La Piedad del Vaticano es la primera de las tres esculturas que con este tema esculpió Miguel Ángel a lo largo de su vida; las otras dos son la Piedad Palestrina y la Piedad Rondarini. Cuando la realizó apenas contaba con veintitrés años y, pese a su juventud, en ella demuestra el genio que lo acompañará toda su vida. Esta piedad es, al mismo tiempo que la obra de un enorme artista, la culminación y el rompimiento de todo un siglo de hallazgos realizados a lo largo de una época: el Renacimiento florentino. Está estructurada en una composición piramidal, o si se quiere triangular, donde confluyen diversas líneas de tensión y trazos reguladores en diagonal que están señalados por puntos clave como la mano izquierda de la virgen, los pies de Jesús, su mano derecha y su cabeza y el gran pliegue del manto a la izquierda de la composición. Todos estos trazos, que no son evidentes a la vista, están dispuestos de acuerdo a un arreglo revolucionario, no solo por las direcciones en diagonal, sino también porque penetran tridimensionalmente a las figuras y se reflejan en otros tantos detalles en la parte posterior de la escultura y en los laterales. Miguel Ángel rompió así la composición plana e ilusionista de la perspectiva cónica, que exigía circunscribir a los elementos de una pintura o escultura a un arreglo predominantemente bidimensional, generando la ilusión de la tercera dimensión a través de las fugas de la perspectiva. El establecer nuevos cánones en la composición de las formas, por supuesto era una transgresión a las normas que por ese entonces ya eran consideradas como legum para los artistas.
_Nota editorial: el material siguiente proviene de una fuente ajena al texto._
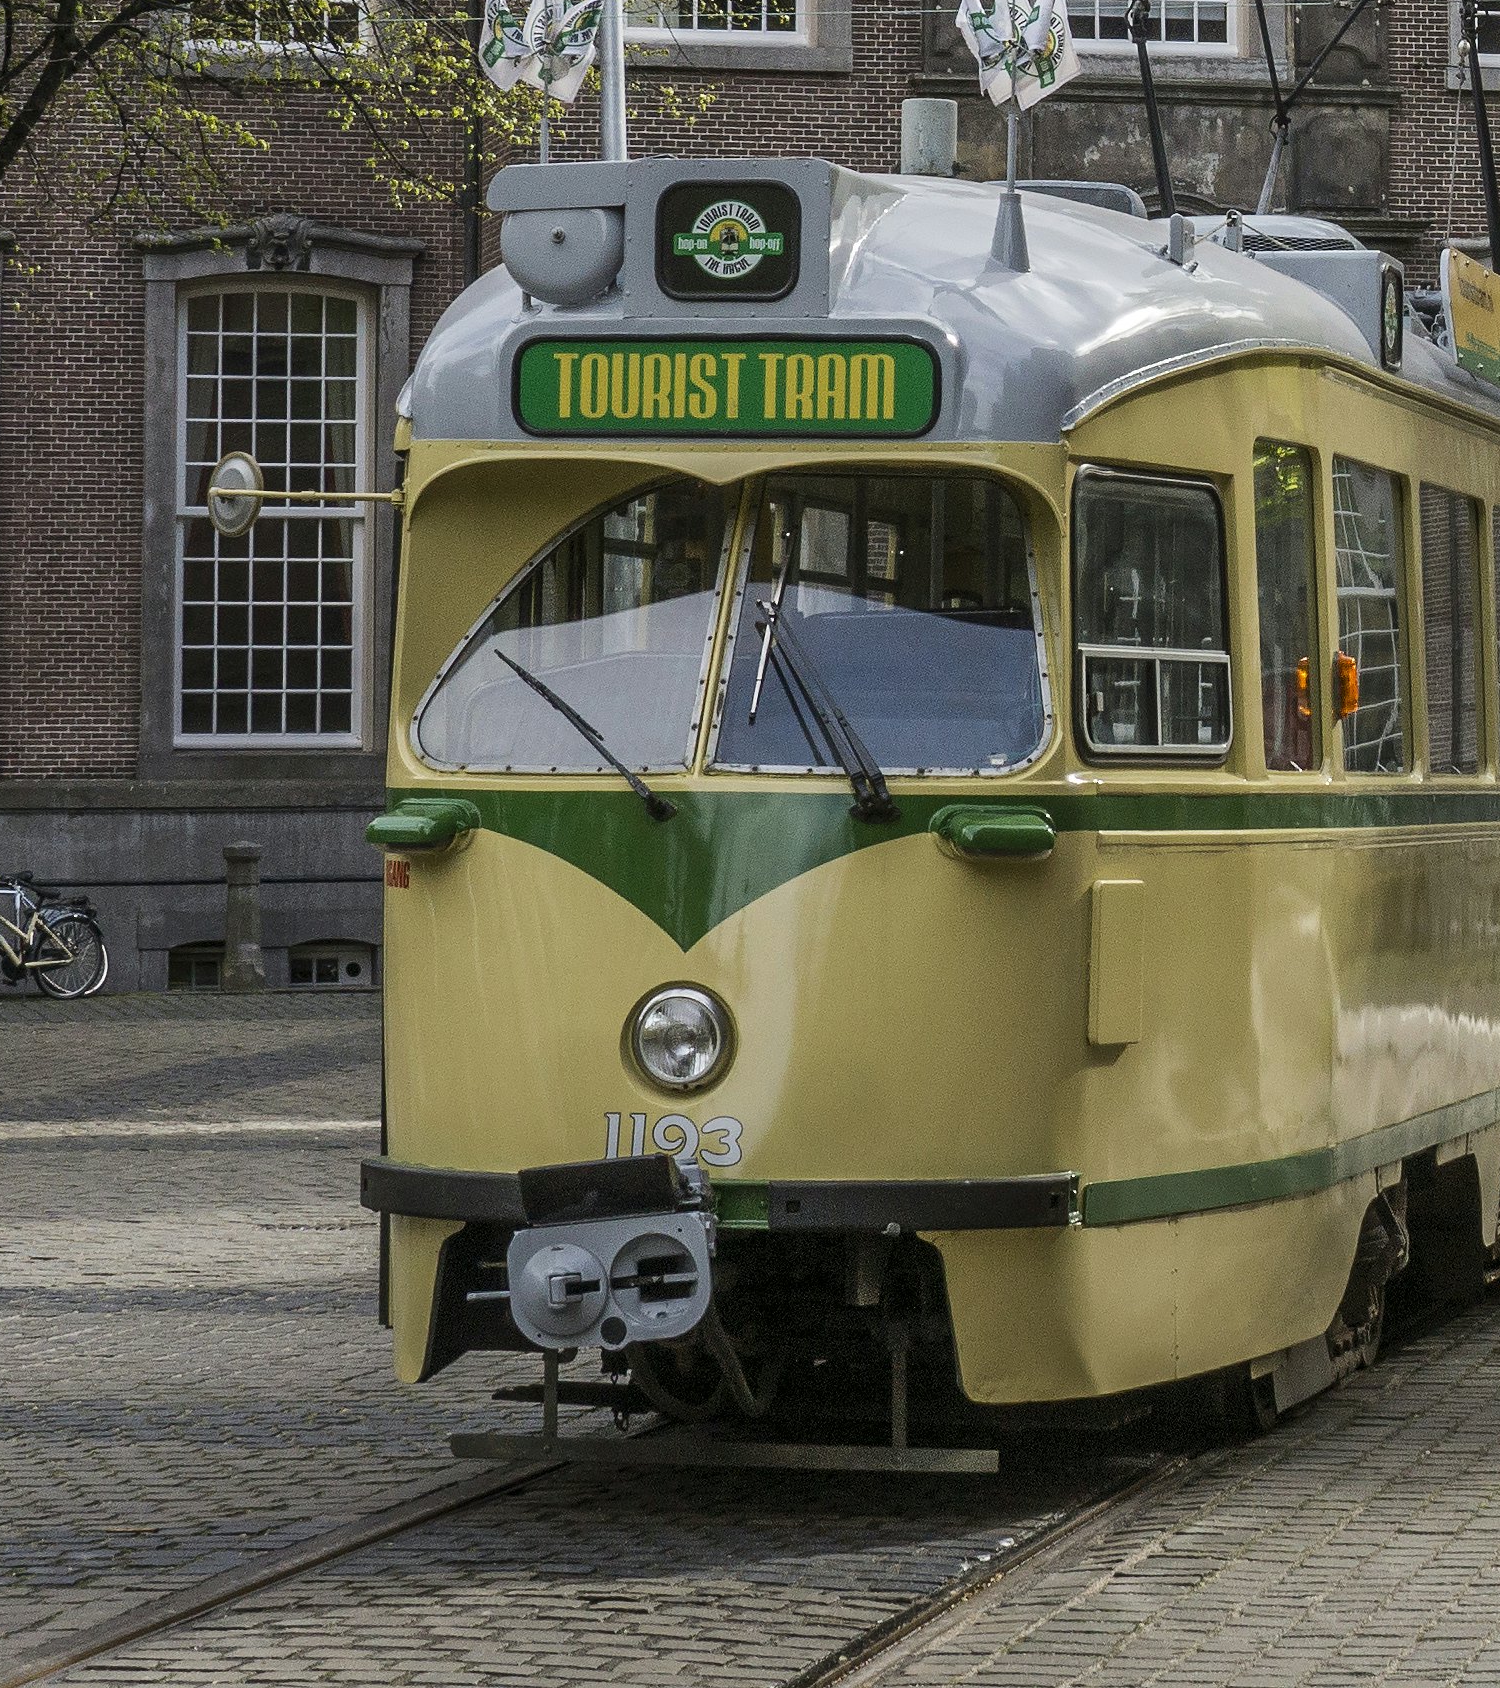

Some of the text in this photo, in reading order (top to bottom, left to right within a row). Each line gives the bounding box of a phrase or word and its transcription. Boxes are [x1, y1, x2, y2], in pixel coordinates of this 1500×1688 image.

[697, 204, 761, 232] TOURIST TRAM
[704, 257, 719, 273] THE
[553, 352, 896, 420] TOURIST TRAM
[604, 1112, 744, 1167] 1193
La virgen, que es muy joven, casi una niña por la delicadeza de sus facciones, está enormemente desproporcionada en lo que respecta al canon de su cuerpo y el manto. Jesús, que sí está esculpido de acuerdo a las proporciones heroicas de los modelos antiguos, parece mayor que ella. Varias de las líneas de tensión confluyen por el frente en el entrecejo del rostro de la virgen, que contempla con contenida pena y misericordia a Jesús. Una niña sosteniendo a su hijo varón que está muerto, aunque parece dormido y ajeno al drama que se está desarrollando. Esta niña, por sus proporciones es una verdadera gigante y Miguel Ángel la esculpió así a propósito para representar, de forma inequívoca, el carácter doble de la mujer que es a la vez madre y contenedora del cuerpo al que dio a luz en su día. Esta desproporción es, una vez más, una transgresión de Miguel Ángel al modo de hacer de los artistas de su tiempo y con ello abrió toda una serie de nuevas posibilidades expresivas en las cuales la forma se debe someter al contenido, que es al fin y al cabo, el elemento esencial de toda gran obra de arte.